** Brief **
Output the data in full. Keep every entry exactly as written.

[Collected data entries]
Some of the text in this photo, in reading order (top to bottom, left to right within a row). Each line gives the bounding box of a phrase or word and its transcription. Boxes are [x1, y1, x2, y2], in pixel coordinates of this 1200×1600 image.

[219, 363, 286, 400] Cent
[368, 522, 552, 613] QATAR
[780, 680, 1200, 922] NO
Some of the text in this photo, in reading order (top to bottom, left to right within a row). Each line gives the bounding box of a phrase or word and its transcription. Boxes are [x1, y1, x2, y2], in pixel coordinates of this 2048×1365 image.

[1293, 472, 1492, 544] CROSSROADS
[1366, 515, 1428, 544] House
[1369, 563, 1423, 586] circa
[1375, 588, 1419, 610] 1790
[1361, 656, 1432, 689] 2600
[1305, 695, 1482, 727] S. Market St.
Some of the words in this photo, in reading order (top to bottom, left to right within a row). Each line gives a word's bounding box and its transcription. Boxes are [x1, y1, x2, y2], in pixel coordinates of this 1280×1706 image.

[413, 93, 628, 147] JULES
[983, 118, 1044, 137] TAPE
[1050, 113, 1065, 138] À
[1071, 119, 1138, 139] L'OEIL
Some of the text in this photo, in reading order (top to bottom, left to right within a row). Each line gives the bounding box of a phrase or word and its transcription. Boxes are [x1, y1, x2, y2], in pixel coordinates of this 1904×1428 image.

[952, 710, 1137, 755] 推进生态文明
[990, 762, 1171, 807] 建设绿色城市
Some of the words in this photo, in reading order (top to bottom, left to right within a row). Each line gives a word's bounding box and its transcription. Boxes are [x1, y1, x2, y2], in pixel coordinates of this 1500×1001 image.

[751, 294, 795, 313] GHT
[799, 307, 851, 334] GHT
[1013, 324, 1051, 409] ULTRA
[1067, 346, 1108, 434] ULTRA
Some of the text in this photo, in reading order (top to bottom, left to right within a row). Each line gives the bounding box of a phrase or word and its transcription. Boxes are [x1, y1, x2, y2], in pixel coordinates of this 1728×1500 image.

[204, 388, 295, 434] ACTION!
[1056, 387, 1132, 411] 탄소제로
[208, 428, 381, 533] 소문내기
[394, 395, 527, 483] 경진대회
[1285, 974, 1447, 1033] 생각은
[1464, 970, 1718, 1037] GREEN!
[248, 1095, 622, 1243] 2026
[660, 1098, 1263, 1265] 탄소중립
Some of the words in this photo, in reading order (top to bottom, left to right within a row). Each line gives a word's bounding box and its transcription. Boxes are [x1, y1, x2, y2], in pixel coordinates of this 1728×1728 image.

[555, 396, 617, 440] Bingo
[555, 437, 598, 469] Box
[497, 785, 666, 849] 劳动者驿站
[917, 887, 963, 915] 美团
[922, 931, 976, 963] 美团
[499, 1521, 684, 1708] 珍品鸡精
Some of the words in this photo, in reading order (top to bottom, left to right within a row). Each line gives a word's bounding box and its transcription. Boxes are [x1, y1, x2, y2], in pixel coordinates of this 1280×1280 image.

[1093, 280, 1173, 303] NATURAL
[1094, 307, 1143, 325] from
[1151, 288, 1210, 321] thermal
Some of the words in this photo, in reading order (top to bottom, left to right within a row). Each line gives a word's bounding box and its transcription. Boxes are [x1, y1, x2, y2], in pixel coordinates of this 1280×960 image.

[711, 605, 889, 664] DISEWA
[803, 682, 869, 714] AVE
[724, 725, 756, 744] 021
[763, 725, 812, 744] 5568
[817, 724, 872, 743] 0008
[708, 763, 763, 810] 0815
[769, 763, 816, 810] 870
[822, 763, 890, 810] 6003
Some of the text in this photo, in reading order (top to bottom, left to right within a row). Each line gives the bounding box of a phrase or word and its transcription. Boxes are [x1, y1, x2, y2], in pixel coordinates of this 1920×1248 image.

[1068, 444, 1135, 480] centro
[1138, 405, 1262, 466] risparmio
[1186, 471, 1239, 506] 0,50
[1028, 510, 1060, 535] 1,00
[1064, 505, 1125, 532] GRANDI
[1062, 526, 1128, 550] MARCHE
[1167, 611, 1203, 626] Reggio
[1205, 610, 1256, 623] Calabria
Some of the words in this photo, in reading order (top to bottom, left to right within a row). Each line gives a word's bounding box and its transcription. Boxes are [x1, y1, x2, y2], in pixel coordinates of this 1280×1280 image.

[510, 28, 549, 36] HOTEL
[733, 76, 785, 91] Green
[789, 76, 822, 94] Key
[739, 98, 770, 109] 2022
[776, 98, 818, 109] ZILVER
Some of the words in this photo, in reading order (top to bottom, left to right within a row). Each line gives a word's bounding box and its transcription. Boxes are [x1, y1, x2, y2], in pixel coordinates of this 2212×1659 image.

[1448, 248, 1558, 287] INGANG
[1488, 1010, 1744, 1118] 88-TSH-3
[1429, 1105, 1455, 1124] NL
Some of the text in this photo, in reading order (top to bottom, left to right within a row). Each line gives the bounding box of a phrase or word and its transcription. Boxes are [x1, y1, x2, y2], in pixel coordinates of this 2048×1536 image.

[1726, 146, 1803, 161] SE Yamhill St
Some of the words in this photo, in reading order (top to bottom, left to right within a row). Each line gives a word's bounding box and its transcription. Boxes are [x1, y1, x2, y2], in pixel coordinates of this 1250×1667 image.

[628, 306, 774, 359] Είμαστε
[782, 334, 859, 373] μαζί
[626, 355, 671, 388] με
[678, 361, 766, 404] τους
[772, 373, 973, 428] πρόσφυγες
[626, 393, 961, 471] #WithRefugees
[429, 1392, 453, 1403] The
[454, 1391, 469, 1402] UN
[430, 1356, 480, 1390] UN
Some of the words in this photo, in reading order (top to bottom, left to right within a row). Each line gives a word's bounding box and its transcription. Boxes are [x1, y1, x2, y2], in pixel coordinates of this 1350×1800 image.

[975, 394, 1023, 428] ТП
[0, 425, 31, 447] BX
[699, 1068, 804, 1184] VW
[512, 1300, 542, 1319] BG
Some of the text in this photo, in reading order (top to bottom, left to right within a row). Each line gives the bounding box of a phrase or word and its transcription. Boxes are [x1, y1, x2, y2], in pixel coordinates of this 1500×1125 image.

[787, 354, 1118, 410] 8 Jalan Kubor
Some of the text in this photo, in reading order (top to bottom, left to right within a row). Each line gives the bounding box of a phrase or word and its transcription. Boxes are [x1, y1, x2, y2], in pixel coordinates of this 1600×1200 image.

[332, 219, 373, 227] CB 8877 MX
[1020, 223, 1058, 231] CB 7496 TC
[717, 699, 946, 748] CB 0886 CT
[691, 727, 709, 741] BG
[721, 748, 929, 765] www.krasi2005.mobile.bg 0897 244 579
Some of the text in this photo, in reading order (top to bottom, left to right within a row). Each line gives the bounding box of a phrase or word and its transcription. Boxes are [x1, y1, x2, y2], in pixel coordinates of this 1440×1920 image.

** Expected output **
Some of the text in this photo, in reading order (top to bottom, left to right within a row). Each line gives the bounding box of a phrase or word and its transcription. Boxes are [x1, y1, x2, y2], in pixel coordinates of this 1200×1600 image.

[219, 363, 286, 400] Cent
[368, 522, 552, 613] QATAR
[780, 680, 1200, 922] NO
Some of the text in this photo, in reading order (top to bottom, left to right within a row). Each line gives the bounding box of a phrase or word and its transcription. Boxes are [x1, y1, x2, y2], in pixel coordinates of this 2048×1365 image.

[1293, 472, 1492, 544] CROSSROADS
[1366, 515, 1428, 544] House
[1369, 563, 1423, 586] circa
[1375, 588, 1419, 610] 1790
[1361, 656, 1432, 689] 2600
[1305, 695, 1482, 727] S. Market St.
Some of the words in this photo, in reading order (top to bottom, left to right within a row). Each line gives a word's bounding box and its transcription. Boxes are [x1, y1, x2, y2], in pixel coordinates of this 1280×1706 image.

[413, 93, 628, 147] JULES
[983, 118, 1044, 137] TAPE
[1050, 113, 1065, 138] À
[1071, 119, 1138, 139] L'OEIL
Some of the text in this photo, in reading order (top to bottom, left to right within a row). Each line gives the bounding box of a phrase or word and its transcription. Boxes are [x1, y1, x2, y2], in pixel coordinates of this 1904×1428 image.

[952, 710, 1137, 755] 推进生态文明
[990, 762, 1171, 807] 建设绿色城市
Some of the words in this photo, in reading order (top to bottom, left to right within a row). Each line gives a word's bounding box and its transcription. Boxes are [x1, y1, x2, y2], in pixel coordinates of this 1500×1001 image.

[751, 294, 795, 313] GHT
[799, 307, 851, 334] GHT
[1013, 324, 1051, 409] ULTRA
[1067, 346, 1108, 434] ULTRA
Some of the text in this photo, in reading order (top to bottom, left to right within a row). Each line gives the bounding box of a phrase or word and its transcription. Boxes are [x1, y1, x2, y2], in pixel coordinates of this 1728×1500 image.

[204, 388, 295, 434] ACTION!
[1056, 387, 1132, 411] 탄소제로
[208, 428, 381, 533] 소문내기
[394, 395, 527, 483] 경진대회
[1285, 974, 1447, 1033] 생각은
[1464, 970, 1718, 1037] GREEN!
[248, 1095, 622, 1243] 2026
[660, 1098, 1263, 1265] 탄소중립
Some of the words in this photo, in reading order (top to bottom, left to right within a row). Each line gives a word's bounding box and its transcription. Boxes are [x1, y1, x2, y2], in pixel coordinates of this 1728×1728 image.

[555, 396, 617, 440] Bingo
[555, 437, 598, 469] Box
[497, 785, 666, 849] 劳动者驿站
[917, 887, 963, 915] 美团
[922, 931, 976, 963] 美团
[499, 1521, 684, 1708] 珍品鸡精
Some of the words in this photo, in reading order (top to bottom, left to right within a row). Each line gives a word's bounding box and its transcription. Boxes are [x1, y1, x2, y2], in pixel coordinates of this 1280×1280 image.

[1093, 280, 1173, 303] NATURAL
[1094, 307, 1143, 325] from
[1151, 288, 1210, 321] thermal
Some of the words in this photo, in reading order (top to bottom, left to right within a row). Each line gives a word's bounding box and its transcription. Boxes are [x1, y1, x2, y2], in pixel coordinates of this 1280×960 image.

[711, 605, 889, 664] DISEWA
[803, 682, 869, 714] AVE
[724, 725, 756, 744] 021
[763, 725, 812, 744] 5568
[817, 724, 872, 743] 0008
[708, 763, 763, 810] 0815
[769, 763, 816, 810] 870
[822, 763, 890, 810] 6003
Some of the text in this photo, in reading order (top to bottom, left to right within a row). Each line gives the bounding box of a phrase or word and its transcription. Boxes are [x1, y1, x2, y2], in pixel coordinates of this 1920×1248 image.

[1068, 444, 1135, 480] centro
[1138, 405, 1262, 466] risparmio
[1186, 471, 1239, 506] 0,50
[1028, 510, 1060, 535] 1,00
[1064, 505, 1125, 532] GRANDI
[1062, 526, 1128, 550] MARCHE
[1167, 611, 1203, 626] Reggio
[1205, 610, 1256, 623] Calabria
Some of the words in this photo, in reading order (top to bottom, left to right within a row). Each line gives a word's bounding box and its transcription. Boxes are [x1, y1, x2, y2], in pixel coordinates of this 1280×1280 image.

[510, 28, 549, 36] HOTEL
[733, 76, 785, 91] Green
[789, 76, 822, 94] Key
[739, 98, 770, 109] 2022
[776, 98, 818, 109] ZILVER
Some of the words in this photo, in reading order (top to bottom, left to right within a row). Each line gives a word's bounding box and its transcription. Boxes are [x1, y1, x2, y2], in pixel coordinates of this 2212×1659 image.

[1448, 248, 1558, 287] INGANG
[1488, 1010, 1744, 1118] 88-TSH-3
[1429, 1105, 1455, 1124] NL
Some of the text in this photo, in reading order (top to bottom, left to right within a row). Each line gives the bounding box of a phrase or word and its transcription. Boxes are [x1, y1, x2, y2], in pixel coordinates of this 2048×1536 image.

[1726, 146, 1803, 161] SE Yamhill St
Some of the words in this photo, in reading order (top to bottom, left to right within a row). Each line gives a word's bounding box and its transcription. Boxes are [x1, y1, x2, y2], in pixel coordinates of this 1250×1667 image.

[628, 306, 774, 359] Είμαστε
[782, 334, 859, 373] μαζί
[626, 355, 671, 388] με
[678, 361, 766, 404] τους
[772, 373, 973, 428] πρόσφυγες
[626, 393, 961, 471] #WithRefugees
[429, 1392, 453, 1403] The
[454, 1391, 469, 1402] UN
[430, 1356, 480, 1390] UN
Some of the words in this photo, in reading order (top to bottom, left to right within a row). Each line gives a word's bounding box and its transcription. Boxes are [x1, y1, x2, y2], in pixel coordinates of this 1350×1800 image.

[975, 394, 1023, 428] ТП
[0, 425, 31, 447] BX
[699, 1068, 804, 1184] VW
[512, 1300, 542, 1319] BG
Some of the text in this photo, in reading order (top to bottom, left to right within a row). Each line gives the bounding box of a phrase or word and its transcription. Boxes are [x1, y1, x2, y2], in pixel coordinates of this 1500×1125 image.

[787, 354, 1118, 410] 8 Jalan Kubor
Some of the text in this photo, in reading order (top to bottom, left to right within a row). Each line gives the bounding box of a phrase or word and its transcription. Boxes are [x1, y1, x2, y2], in pixel coordinates of this 1600×1200 image.

[332, 219, 373, 227] CB 8877 MX
[1020, 223, 1058, 231] CB 7496 TC
[717, 699, 946, 748] CB 0886 CT
[691, 727, 709, 741] BG
[721, 748, 929, 765] www.krasi2005.mobile.bg 0897 244 579
Some of the text in this photo, in reading order (top to bottom, left to right within a row). Each line gives the bounding box of a phrase or word and its transcription. Boxes are [x1, y1, x2, y2], in pixel coordinates of this 1440×1920 image.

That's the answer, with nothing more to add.